[Task prompt]
Could you copy exactly the line that contains "this 1600×1200 image." and every line after it to the end of the records, and nothing more?

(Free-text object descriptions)
########

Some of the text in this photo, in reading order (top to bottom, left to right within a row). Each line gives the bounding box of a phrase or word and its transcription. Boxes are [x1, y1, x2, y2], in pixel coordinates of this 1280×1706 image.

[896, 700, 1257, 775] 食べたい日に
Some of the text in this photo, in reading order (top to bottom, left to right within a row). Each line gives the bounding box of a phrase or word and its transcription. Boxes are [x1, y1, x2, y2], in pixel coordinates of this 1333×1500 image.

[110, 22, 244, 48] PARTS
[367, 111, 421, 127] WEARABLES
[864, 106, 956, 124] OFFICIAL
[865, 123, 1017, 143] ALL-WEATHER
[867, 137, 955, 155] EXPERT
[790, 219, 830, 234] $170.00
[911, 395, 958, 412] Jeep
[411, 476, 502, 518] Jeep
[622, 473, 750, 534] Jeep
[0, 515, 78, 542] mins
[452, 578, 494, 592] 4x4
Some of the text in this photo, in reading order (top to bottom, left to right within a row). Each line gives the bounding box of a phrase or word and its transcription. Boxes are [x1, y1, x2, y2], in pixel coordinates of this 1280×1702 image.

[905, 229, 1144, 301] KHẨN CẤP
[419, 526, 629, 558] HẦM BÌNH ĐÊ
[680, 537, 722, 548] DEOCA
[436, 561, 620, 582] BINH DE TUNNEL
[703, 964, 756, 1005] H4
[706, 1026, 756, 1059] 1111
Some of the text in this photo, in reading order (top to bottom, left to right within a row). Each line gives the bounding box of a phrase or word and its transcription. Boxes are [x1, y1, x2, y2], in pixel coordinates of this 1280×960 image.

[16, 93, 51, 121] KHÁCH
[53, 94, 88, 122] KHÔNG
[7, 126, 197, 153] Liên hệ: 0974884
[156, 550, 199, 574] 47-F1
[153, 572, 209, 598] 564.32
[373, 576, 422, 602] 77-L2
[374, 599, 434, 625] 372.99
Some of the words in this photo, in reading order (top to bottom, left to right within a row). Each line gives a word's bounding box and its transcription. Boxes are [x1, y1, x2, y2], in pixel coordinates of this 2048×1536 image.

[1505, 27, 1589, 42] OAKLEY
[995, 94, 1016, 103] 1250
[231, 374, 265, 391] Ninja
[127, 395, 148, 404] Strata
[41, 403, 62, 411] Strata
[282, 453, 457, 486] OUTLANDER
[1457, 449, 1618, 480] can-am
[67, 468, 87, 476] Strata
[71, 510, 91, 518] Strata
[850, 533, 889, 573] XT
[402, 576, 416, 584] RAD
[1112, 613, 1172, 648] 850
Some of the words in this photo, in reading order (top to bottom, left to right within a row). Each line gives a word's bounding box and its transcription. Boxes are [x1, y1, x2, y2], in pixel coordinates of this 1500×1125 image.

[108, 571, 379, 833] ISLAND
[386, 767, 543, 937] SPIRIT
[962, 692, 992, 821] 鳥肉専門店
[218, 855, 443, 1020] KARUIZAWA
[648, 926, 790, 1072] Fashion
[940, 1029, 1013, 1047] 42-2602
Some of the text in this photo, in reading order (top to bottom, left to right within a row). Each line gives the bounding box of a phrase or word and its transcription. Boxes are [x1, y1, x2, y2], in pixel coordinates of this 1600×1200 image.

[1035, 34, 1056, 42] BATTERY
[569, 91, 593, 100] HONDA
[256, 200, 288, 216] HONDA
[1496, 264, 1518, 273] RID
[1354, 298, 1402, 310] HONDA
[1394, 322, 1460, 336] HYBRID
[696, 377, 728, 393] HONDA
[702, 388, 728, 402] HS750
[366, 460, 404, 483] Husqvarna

########

[Task solution]
Some of the text in this photo, in reading order (top to bottom, left to right within a row). Each line gives the bounding box of a phrase or word and its transcription. Boxes are [x1, y1, x2, y2], in pixel coordinates of this 1600×1200 image.

[1035, 34, 1056, 42] BATTERY
[569, 91, 593, 100] HONDA
[256, 200, 288, 216] HONDA
[1496, 264, 1518, 273] RID
[1354, 298, 1402, 310] HONDA
[1394, 322, 1460, 336] HYBRID
[696, 377, 728, 393] HONDA
[702, 388, 728, 402] HS750
[366, 460, 404, 483] Husqvarna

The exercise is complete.